**Action item:** Word for word, restate every record, though not the pictures.

=== The input ===

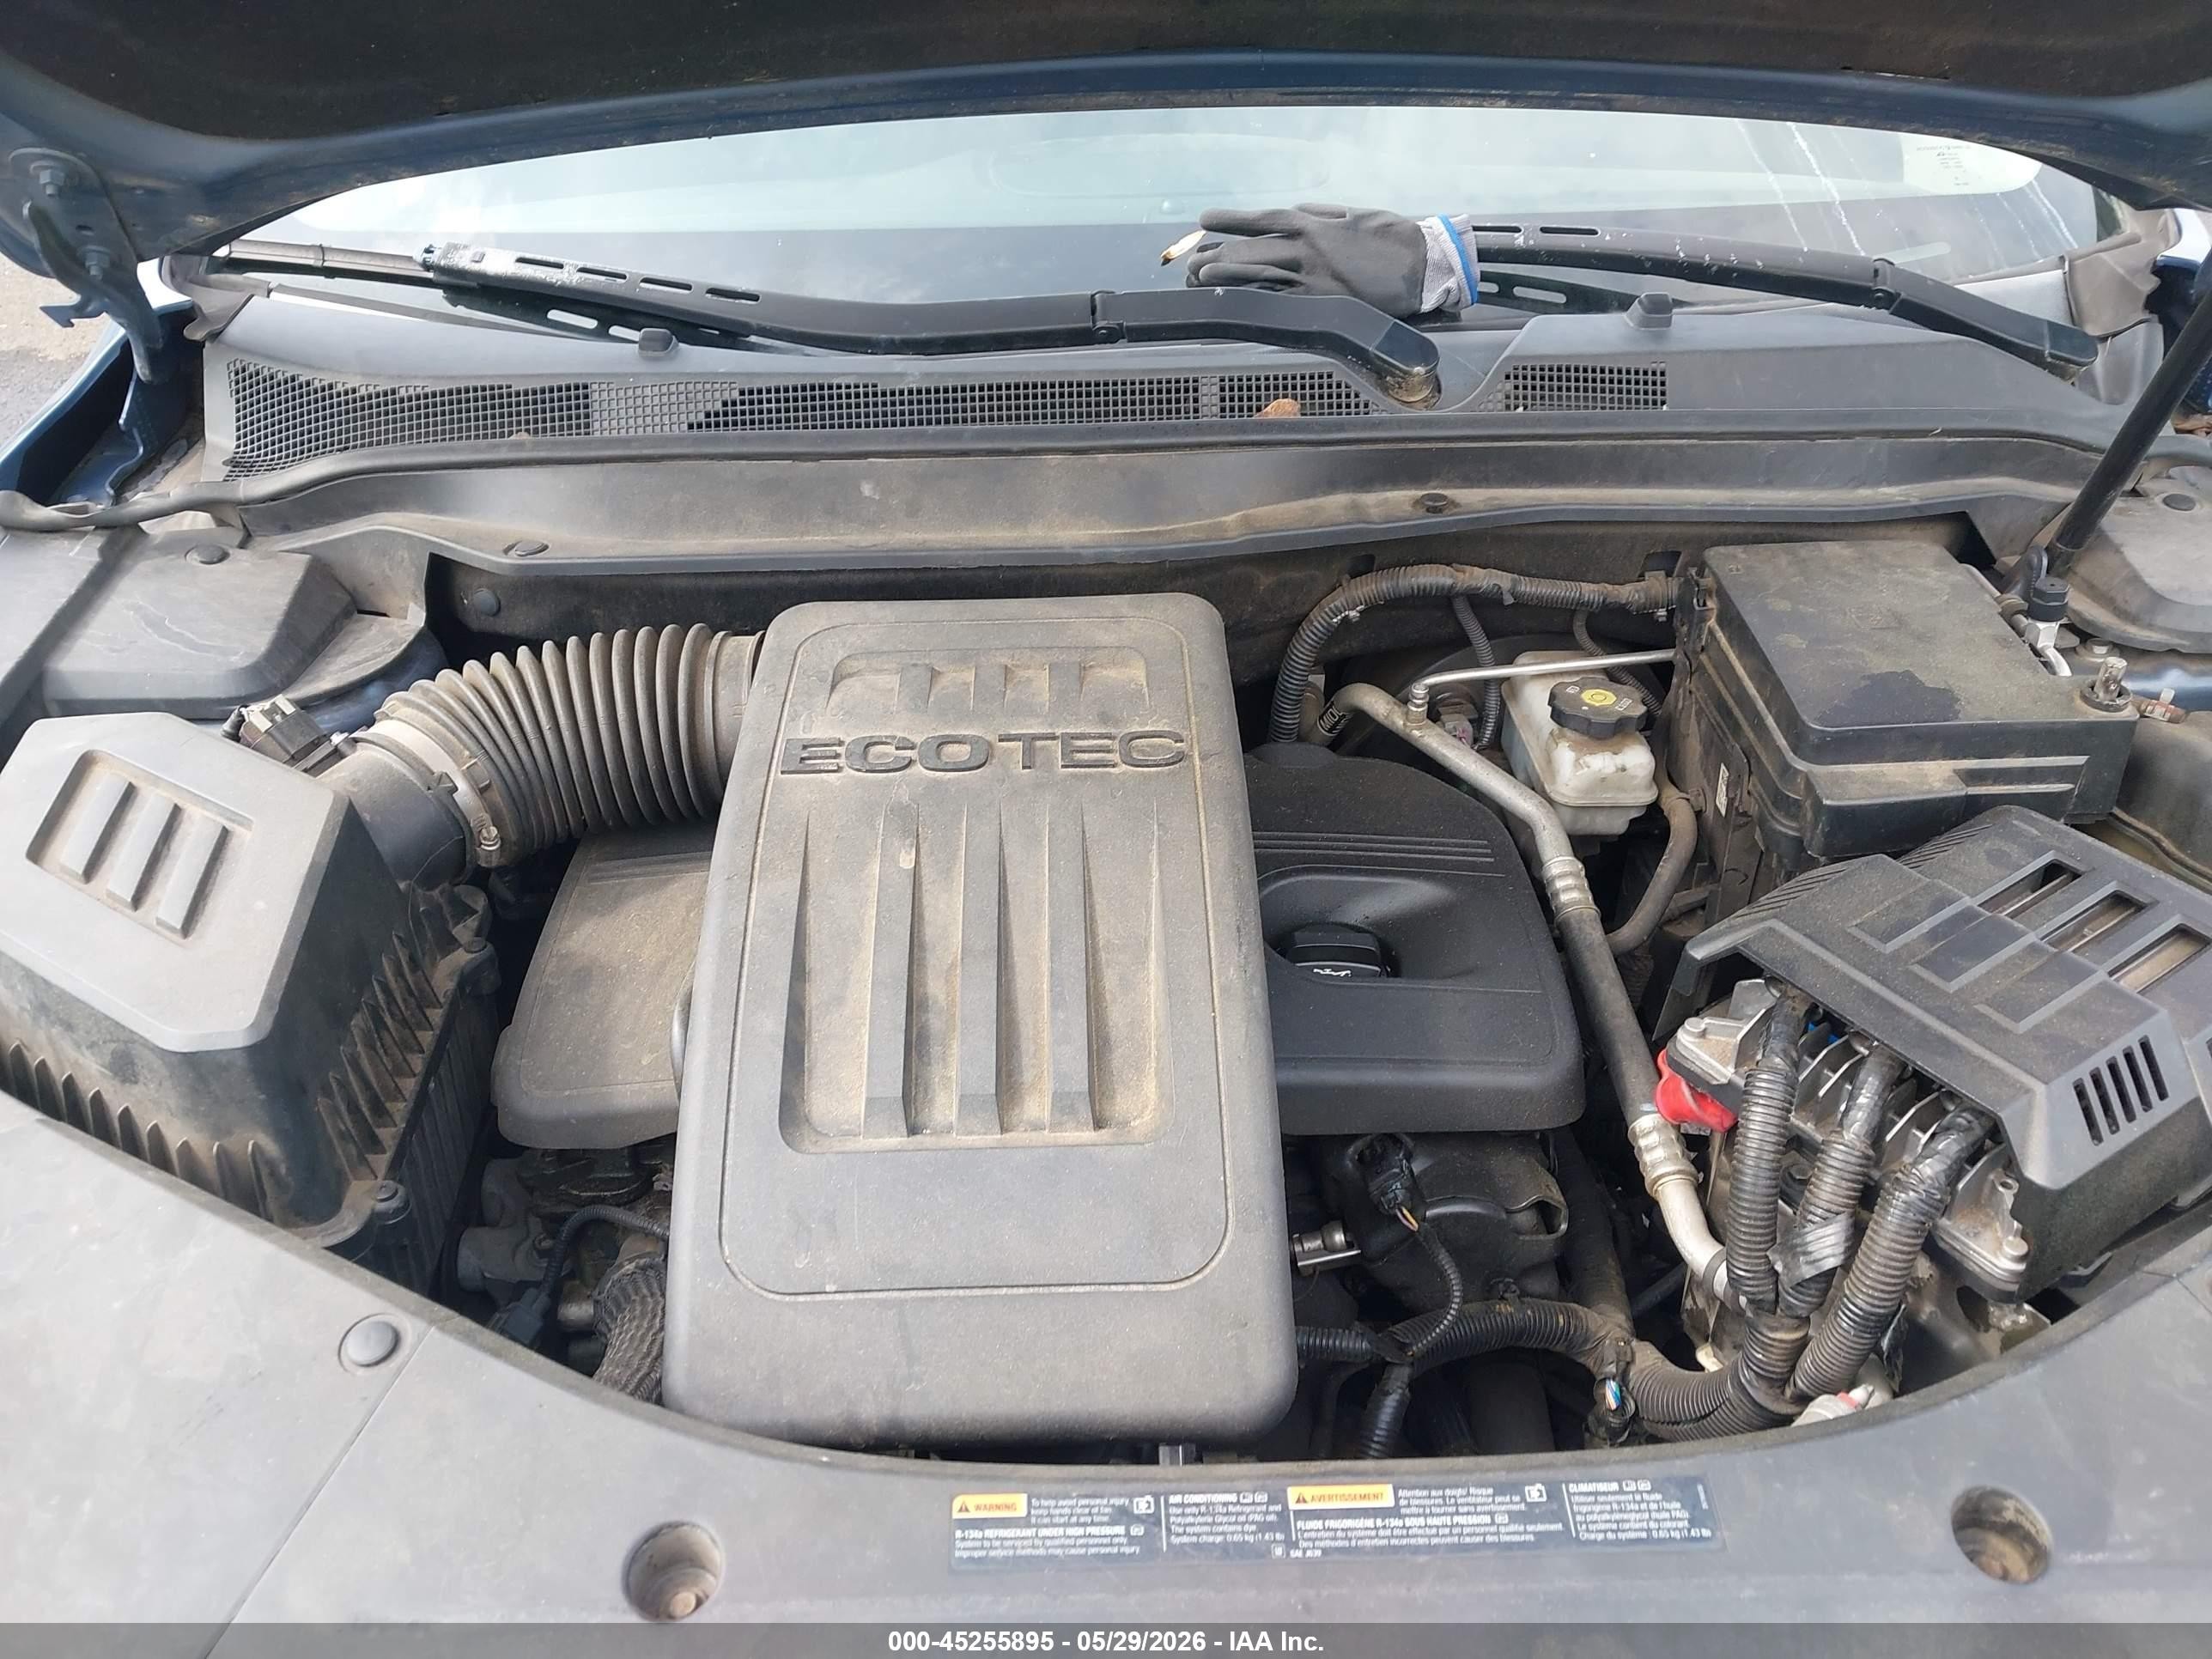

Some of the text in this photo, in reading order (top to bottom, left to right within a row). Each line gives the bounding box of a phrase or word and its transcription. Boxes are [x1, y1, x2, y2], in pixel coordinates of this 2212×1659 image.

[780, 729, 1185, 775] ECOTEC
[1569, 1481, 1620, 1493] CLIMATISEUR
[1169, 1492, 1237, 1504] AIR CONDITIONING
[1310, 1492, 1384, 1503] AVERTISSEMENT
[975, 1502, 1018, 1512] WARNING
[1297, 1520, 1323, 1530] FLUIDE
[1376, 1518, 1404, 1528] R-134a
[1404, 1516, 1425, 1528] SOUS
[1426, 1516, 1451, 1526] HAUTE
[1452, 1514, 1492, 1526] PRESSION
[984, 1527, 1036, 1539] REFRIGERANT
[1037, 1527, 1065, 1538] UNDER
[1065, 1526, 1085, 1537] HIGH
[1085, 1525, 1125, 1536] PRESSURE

===

**Solution:**
Some of the text in this photo, in reading order (top to bottom, left to right within a row). Each line gives the bounding box of a phrase or word and its transcription. Boxes are [x1, y1, x2, y2], in pixel coordinates of this 2212×1659 image.

[780, 729, 1185, 775] ECOTEC
[1569, 1481, 1620, 1493] CLIMATISEUR
[1169, 1492, 1237, 1504] AIR CONDITIONING
[1310, 1492, 1384, 1503] AVERTISSEMENT
[975, 1502, 1018, 1512] WARNING
[1297, 1520, 1323, 1530] FLUIDE
[1376, 1518, 1404, 1528] R-134a
[1404, 1516, 1425, 1528] SOUS
[1426, 1516, 1451, 1526] HAUTE
[1452, 1514, 1492, 1526] PRESSION
[984, 1527, 1036, 1539] REFRIGERANT
[1037, 1527, 1065, 1538] UNDER
[1065, 1526, 1085, 1537] HIGH
[1085, 1525, 1125, 1536] PRESSURE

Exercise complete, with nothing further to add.